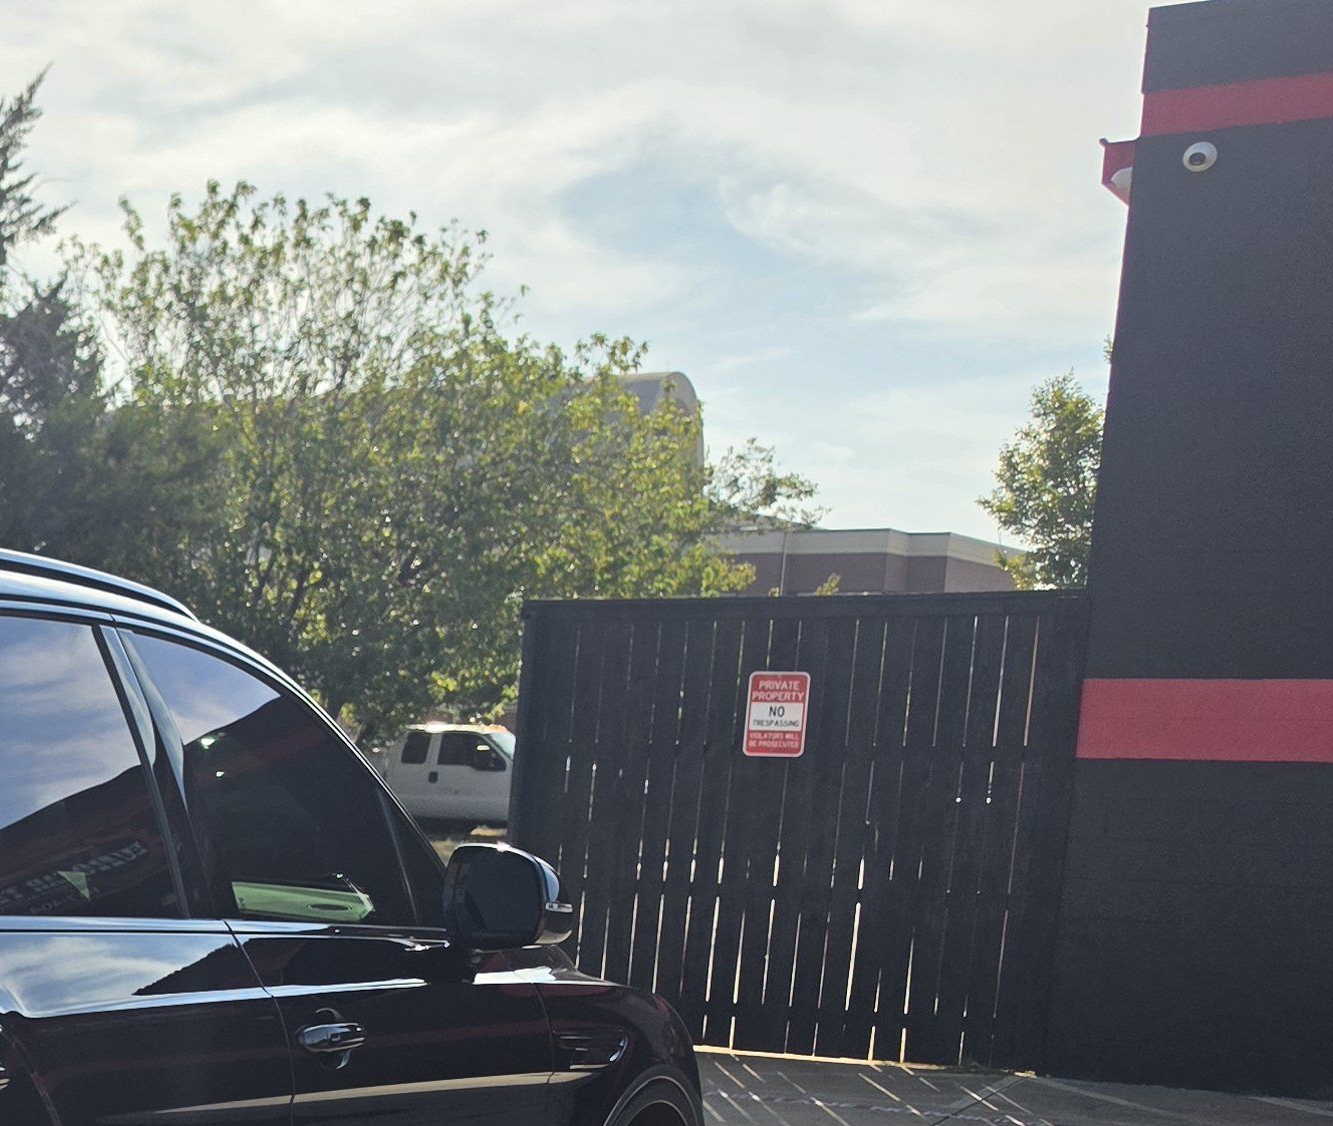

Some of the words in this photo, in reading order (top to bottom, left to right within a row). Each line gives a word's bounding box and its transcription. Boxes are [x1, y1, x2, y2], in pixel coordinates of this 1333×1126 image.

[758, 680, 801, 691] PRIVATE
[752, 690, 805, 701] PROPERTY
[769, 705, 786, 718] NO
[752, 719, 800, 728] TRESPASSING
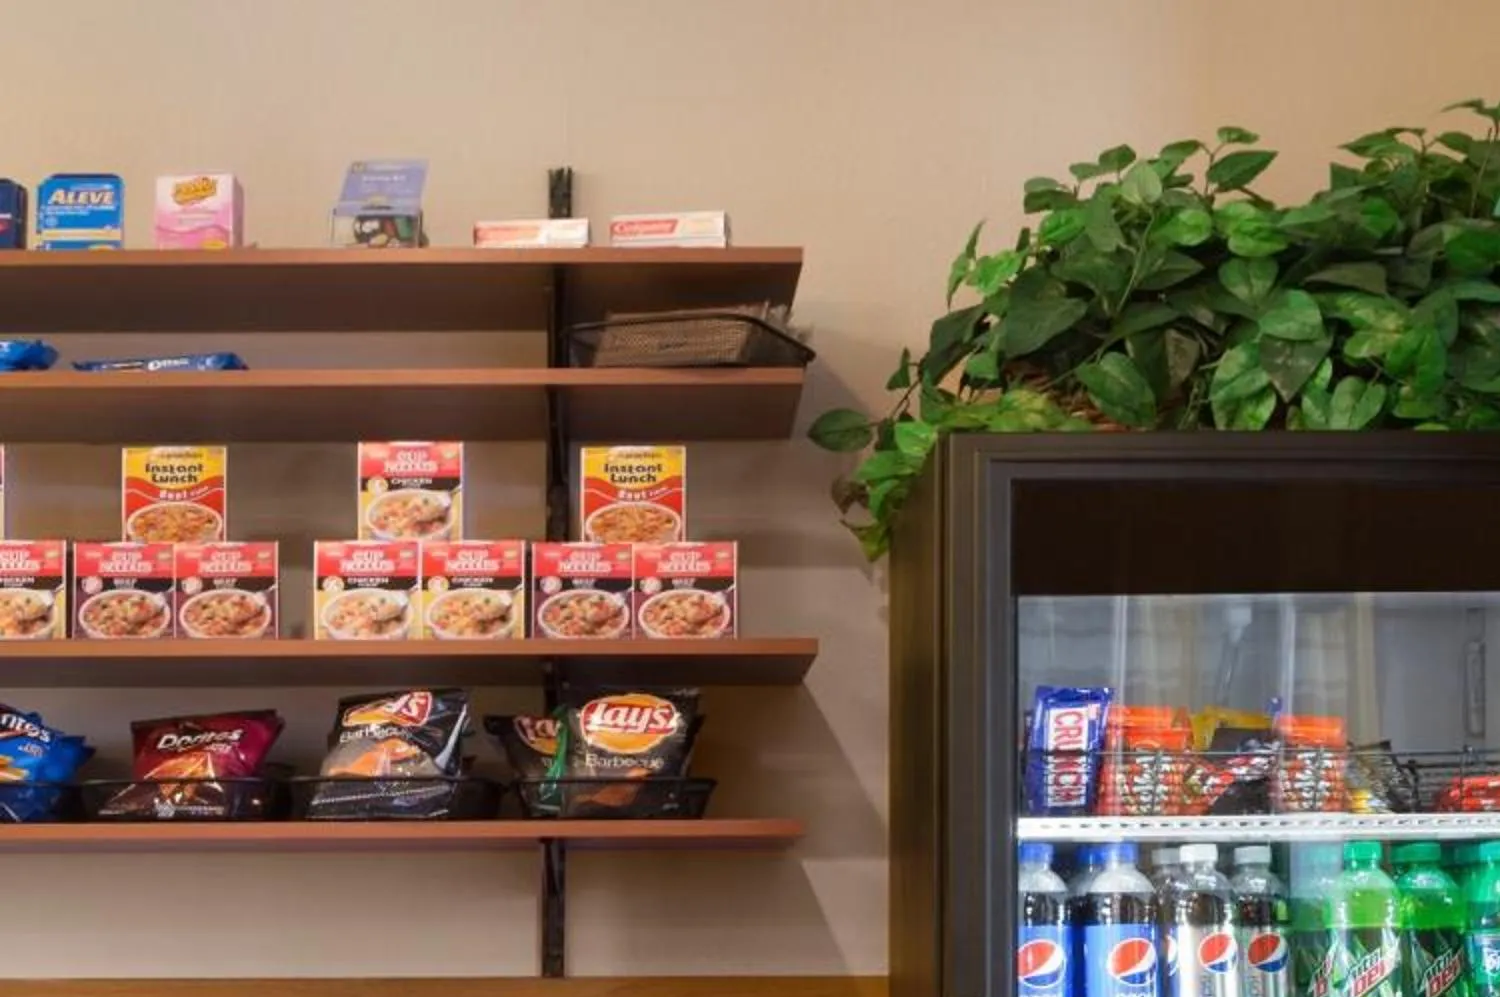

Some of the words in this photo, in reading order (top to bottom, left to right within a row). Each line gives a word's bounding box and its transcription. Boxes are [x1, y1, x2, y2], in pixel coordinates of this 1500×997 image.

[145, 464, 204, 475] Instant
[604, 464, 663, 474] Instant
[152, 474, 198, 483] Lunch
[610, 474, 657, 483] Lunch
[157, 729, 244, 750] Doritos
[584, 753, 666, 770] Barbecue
+---+
* **Task details**: The records above should be returned word for word, with every picture left out.

* **Answer space**:
Some of the words in this photo, in reading order (top to bottom, left to right within a row). Each line gives a word's bounding box and its transcription. Boxes are [x1, y1, x2, y2], in pixel coordinates of this 1333×1126 image.

[758, 680, 801, 691] PRIVATE
[752, 690, 805, 701] PROPERTY
[769, 705, 786, 718] NO
[752, 719, 800, 728] TRESPASSING

Some of the words in this photo, in reading order (top to bottom, left to right within a row). Each line gives a word's bounding box and its transcription. Boxes are [x1, y1, x2, y2], in pixel coordinates of this 1500×997 image.

[145, 464, 204, 475] Instant
[604, 464, 663, 474] Instant
[152, 474, 198, 483] Lunch
[610, 474, 657, 483] Lunch
[157, 729, 244, 750] Doritos
[584, 753, 666, 770] Barbecue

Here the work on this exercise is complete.